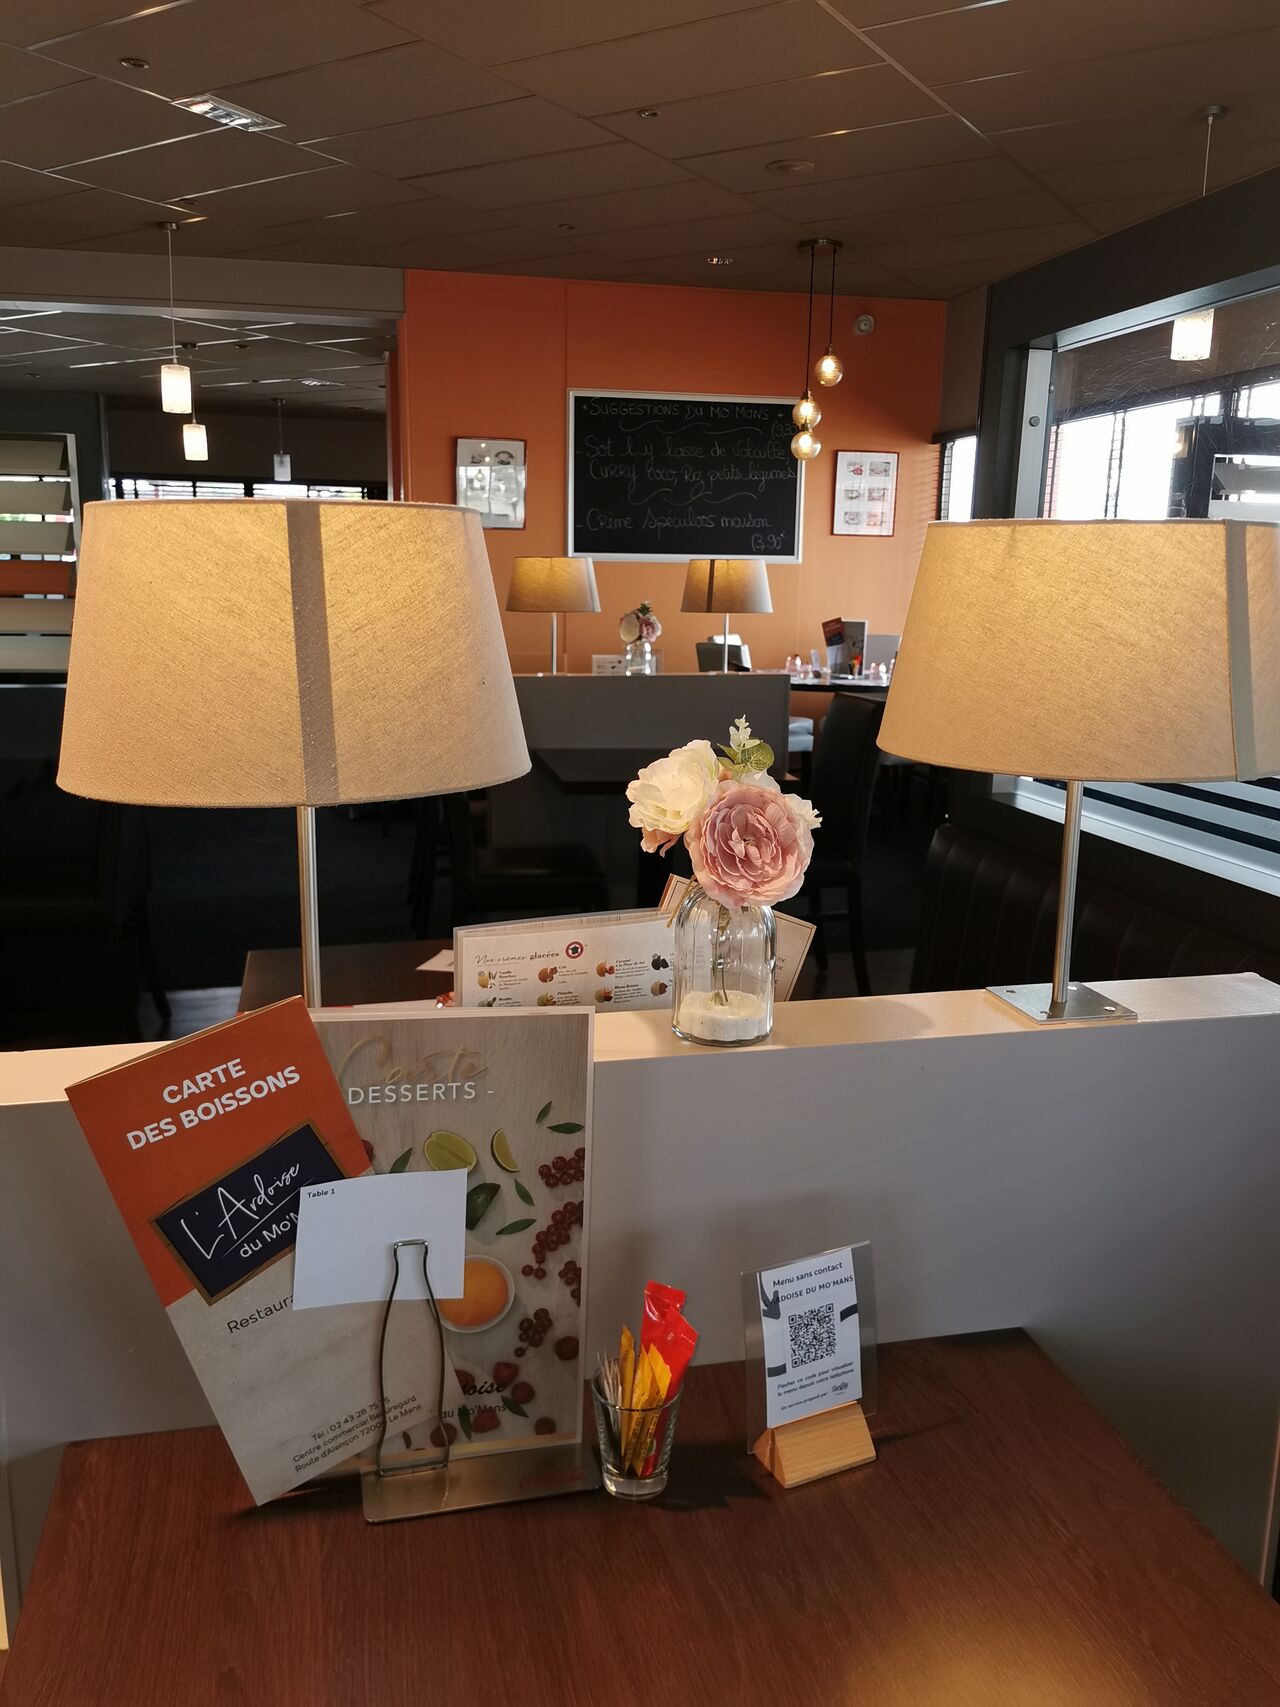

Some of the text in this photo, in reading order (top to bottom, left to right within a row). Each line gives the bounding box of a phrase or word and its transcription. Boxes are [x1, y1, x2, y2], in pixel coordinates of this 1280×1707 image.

[685, 405, 704, 421] DU
[710, 440, 728, 457] de
[162, 1058, 247, 1104] CARTE
[348, 1081, 477, 1105] DESSERTS
[126, 1066, 301, 1150] DES BOISSONS
[307, 1189, 329, 1199] Table
[180, 1163, 300, 1260] L'Ardoise
[239, 1239, 263, 1258] du
[773, 1262, 843, 1288] Menu sans contact
[806, 1286, 817, 1295] DU
[819, 1274, 854, 1291] MO'MANS
[292, 1394, 417, 1463] Centre commercial Beuregard
[329, 1421, 342, 1432] 02
[343, 1414, 355, 1425] 43
[356, 1408, 368, 1419] 28
[368, 1402, 380, 1412] 75
[294, 1456, 320, 1473] Route
[388, 1412, 399, 1423] Le
[399, 1403, 423, 1417] Mans

━━━━━━━━━━━━━━━━━━━━━━━━━━━━━━

**WHAT TO PRODUCE:**
A word-for-word transcription of the entries above, free of images, is what is wanted.

**RESULT:**
Some of the text in this photo, in reading order (top to bottom, left to right within a row). Each line gives the bounding box of a phrase or word and its transcription. Boxes are [x1, y1, x2, y2], in pixel coordinates of this 1280×1707 image.

[685, 405, 704, 421] DU
[710, 440, 728, 457] de
[162, 1058, 247, 1104] CARTE
[348, 1081, 477, 1105] DESSERTS
[126, 1066, 301, 1150] DES BOISSONS
[307, 1189, 329, 1199] Table
[180, 1163, 300, 1260] L'Ardoise
[239, 1239, 263, 1258] du
[773, 1262, 843, 1288] Menu sans contact
[806, 1286, 817, 1295] DU
[819, 1274, 854, 1291] MO'MANS
[292, 1394, 417, 1463] Centre commercial Beuregard
[329, 1421, 342, 1432] 02
[343, 1414, 355, 1425] 43
[356, 1408, 368, 1419] 28
[368, 1402, 380, 1412] 75
[294, 1456, 320, 1473] Route
[388, 1412, 399, 1423] Le
[399, 1403, 423, 1417] Mans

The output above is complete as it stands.